17 Del. Ch. 203 | New York Court of Chancery | 1930

The Chancellor.

The questions in this case concern only that portion of the property in trust which came from the estate of Mrs. Bush’s father and over which she was given a power of appointment by her father’s will.

The first question is whether or not the devise and bequest by Mrs. Bush of the property over which she enjoyed a power of appointment from her father, is void either in whole or in part because of a violation of the rule against perpetuities.

According to the law in Delaware, the property which she disposed of under the power, was no part of her estate. The case of Highfield v. Delaware Trust Co., (4 W. W. Harr.) 152 A. 124, decided by the Supreme Cotut of this State, settles that point. When, therefore, Mrs. Bush undertook to exercise the power conferred upon her by the father she was dealing with his property and the cases hereinbelow cited support the view that her disposition of it is, with respect to the rule against perpetuities, as though Henry S. McComb, the donor of the power, had himself undertaken to create as further limitations those which his daughter, as the donee of a power from him, undertook to create.
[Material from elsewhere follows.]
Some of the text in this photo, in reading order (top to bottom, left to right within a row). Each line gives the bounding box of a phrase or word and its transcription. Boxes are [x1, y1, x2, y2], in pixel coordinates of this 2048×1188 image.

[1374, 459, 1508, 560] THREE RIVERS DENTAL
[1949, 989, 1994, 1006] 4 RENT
Routledge v. Dorrie, 2 Ves. Jr. 357; In re Powell’s Trusts, (1869) 39 L. J. Ch. N. S. 188; Morgan v. Gronow, (1873) L. R. 16 Eq. 1; Smith’s Appeal, 88 Pa. 492; Minot v. Paine, 230 Mass. 514, 120 N. E. 167, 1 A. L. R. 365; Brown v. Columbia Finance & Trust *208Co., 123 Ky. 775, 97 S. W. 421, 30 Ky. Law Rep. 110; Gambrill v. Gambrill. 122 Md. 563, 89 A. 1094; Matter of Dows, 167 N. Y. 227, 60 N. E. 439, 52 L. R. A. 433, 88 Aw. St. Rep. 508.

This being so, we are to inquire whether it would have been permissible for Mr. McComb under the law to limit the property not only to the extent he in fact did, but, in addition, to the extent that his daughter undertook to do.
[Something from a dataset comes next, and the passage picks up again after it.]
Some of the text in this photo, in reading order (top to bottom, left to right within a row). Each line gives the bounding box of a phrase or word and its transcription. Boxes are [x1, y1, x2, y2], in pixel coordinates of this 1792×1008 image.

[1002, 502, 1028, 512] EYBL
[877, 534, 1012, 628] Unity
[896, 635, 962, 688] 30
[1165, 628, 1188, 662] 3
.¡That the rule against perpetuities would condemn an attempt on the part of Mr. McComb to create limitations reaching into the future so far as his daughter’s will undertook to carry them beyond his own, cannot admit of doubt. The bounds which the rule sets to the vesting of an interest is that “it must vest, if at all, not later than twenty-one years after some life in being at the creation of the interest.” Gray, The Rule Against Perpetuities, (3d Ed.) § 201. The rule “is a peremptory command of law, not a rule of construction, its object being to defeat intention.” Taylor, et al., v. Crosson, et al., 11 Del. Ch. 145, 98 A. 375, 376.

The future interests created by the will of Henry S. McComb were all within the outside limits set by the rule. But the added future interests which his daughter, as donee of a power, undertook to create in the unborn children of her children, are in fact outside of the limits set by the rule. To make the matter clear, the situation is as though Mr. McComb had devised and bequeathed property in trust for his daughter, Martha, for life, remainder to her unborn children for life, cross-remainders to their children or the issue of a deceased child absolutely, and if none, remainder over.
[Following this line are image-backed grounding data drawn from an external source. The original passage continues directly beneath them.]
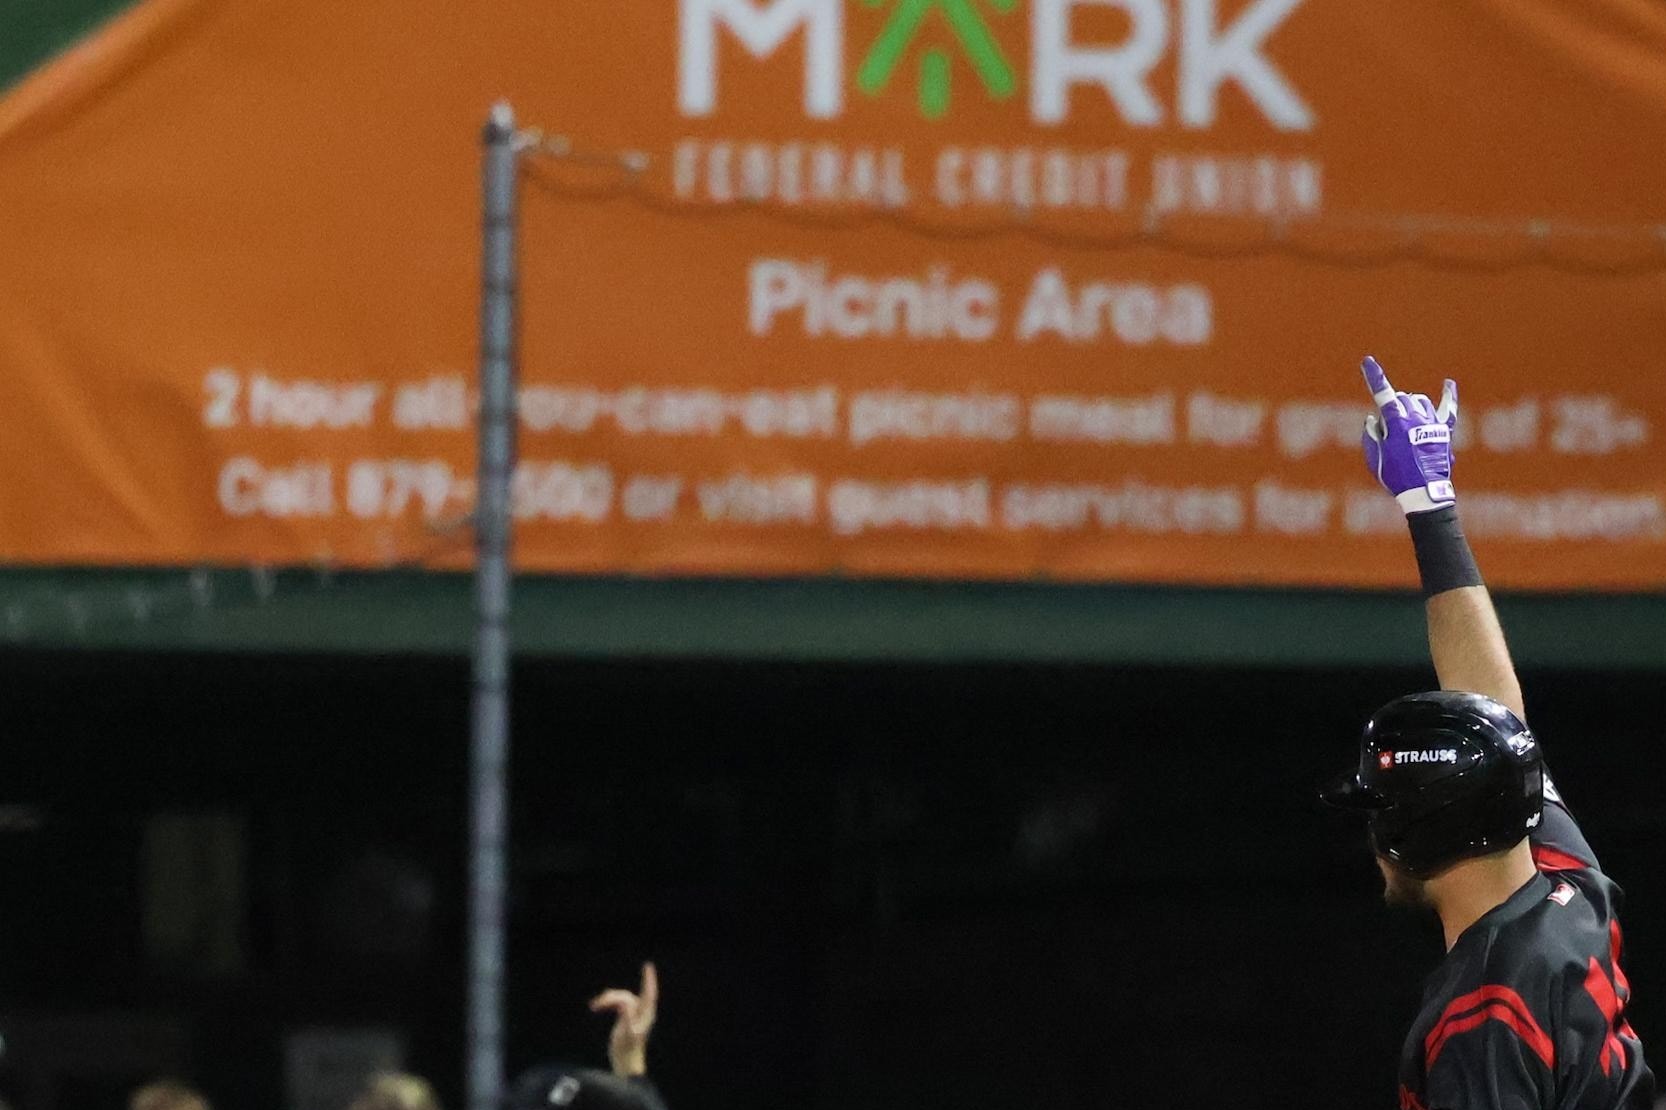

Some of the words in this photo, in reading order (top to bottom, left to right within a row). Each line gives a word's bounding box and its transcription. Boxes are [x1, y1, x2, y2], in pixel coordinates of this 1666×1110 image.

[674, 142, 910, 206] FEDERAL
[935, 147, 1128, 211] CREDIT
[748, 258, 998, 340] Picnic
[1015, 265, 1213, 344] Area
[203, 368, 239, 429] 2
[249, 372, 380, 429] hour
[850, 384, 1017, 448] picnic
[1030, 392, 1174, 443] meal
[1187, 392, 1265, 446] for
[1482, 396, 1540, 452] of
[217, 456, 334, 519] Call
[622, 473, 685, 521] or
[697, 468, 816, 527] visit
[829, 474, 988, 537] guest
[1003, 476, 1243, 534] services
[1255, 478, 1330, 536] for
[1395, 750, 1456, 764] STRAUSS
If that be the true aspect of the situation which the two wills before the court create, while the life interest in Mrs. Bush’s children would be one that of necessity must vest within twenty-one years after a life in being at the time of Mr. McComb’s death, yet with respect to the contingent remaindermen, it is plain that the interest given to them would not necessarily vest within twenty-one years after some life which was in being at the time of his death.

The interests which Mrs. Bush undertook to create in the children of her children must therefore be held to be void as being too remote. But the life interest which she gave in trust *209for her own children would necessarily vest within the time limited by the rule, reckoning said time from the donor’s death.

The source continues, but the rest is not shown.